Economy, asked by sabarichowdhuri399, 10 months ago

Why the nations being counted based on economic growth rate?

Answers

Answered by kritosamachan
0

Answer:

If it's growing, so will businesses, jobs and personal income. ... Without jobs, consumers have less money to spend. If the GDP growth rate turns negative, then the country's economy is in a recession. With negative growth, GDP is less than the quarter or year before.

Explanation:

Answered by SamikBiswa1911
0

Answer:

An economic growth rate is the percentage change in the value of all of the goods and services produced in a nation during a specific period of time, as compared to an earlier period. The economic growth rate is used to measure the comparative health of an economy over time. The numbers are usually compiled and reported quarterly and annually.

Explanation:

When it is tracked over time, the economic growth rate suggests the general direction of a nation's economy and the magnitude of its growth (or contraction).

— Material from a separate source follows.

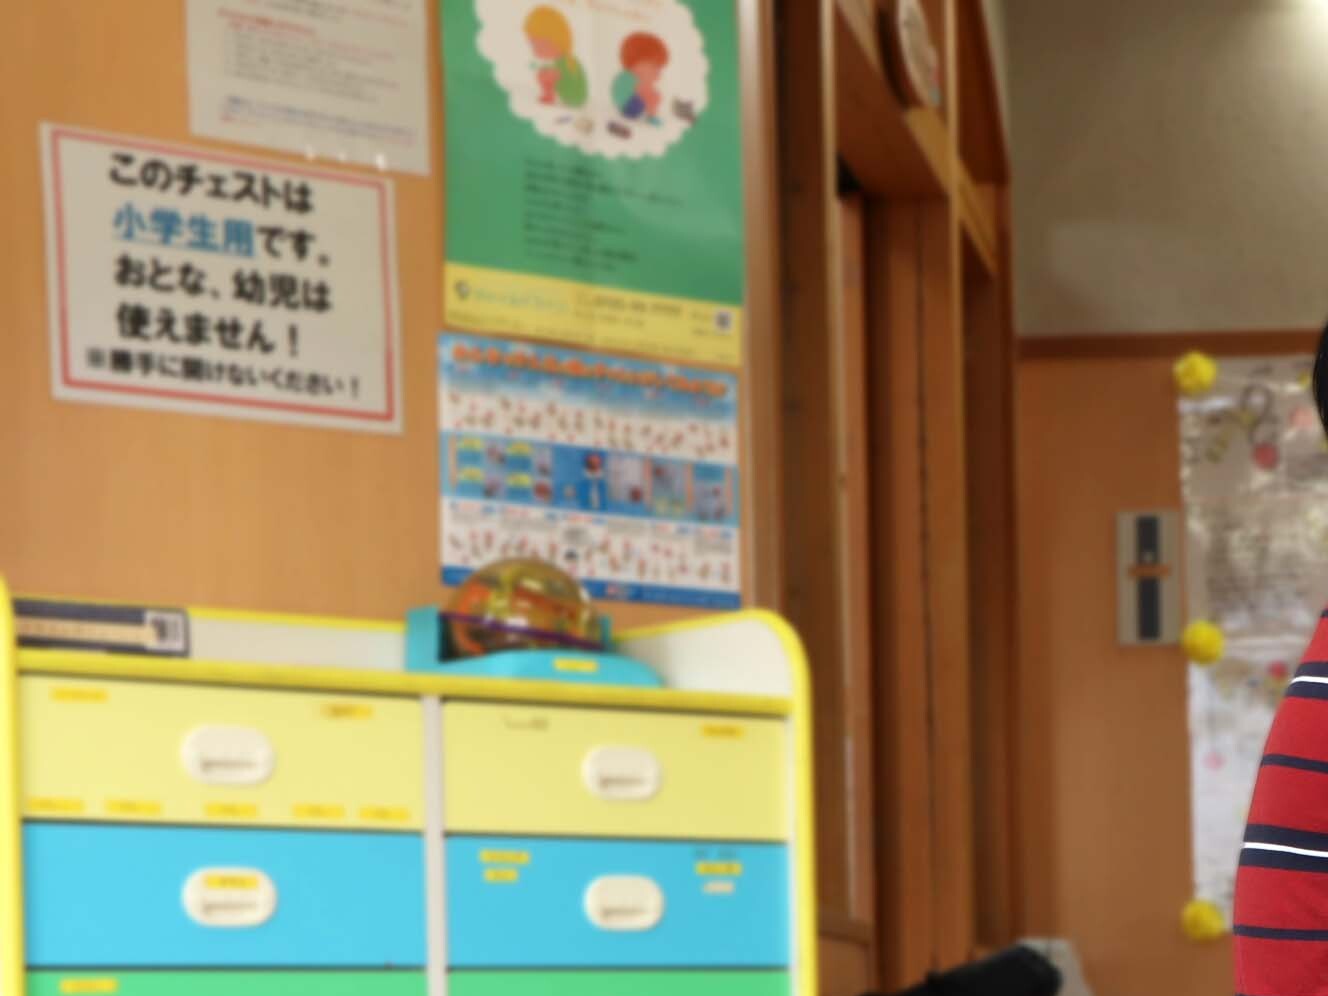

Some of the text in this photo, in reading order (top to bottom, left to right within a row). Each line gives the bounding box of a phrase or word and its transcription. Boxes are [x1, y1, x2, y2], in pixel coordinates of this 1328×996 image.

[109, 152, 314, 214] このチェストは
[113, 202, 331, 266] 小学生用です。

It also may be used to project the economic growth rate for the quarter or the year ahead.

KEY TAKEAWAYS

In the U.S. and most other nations, the economic growth rate is the change in the nation's gross domestic product.

The economic growth rate is tracked over time as an indicator of the general direction of a nation's economy.

Broadly speaking, increased demand leads to increased production and a higher economic growth rate.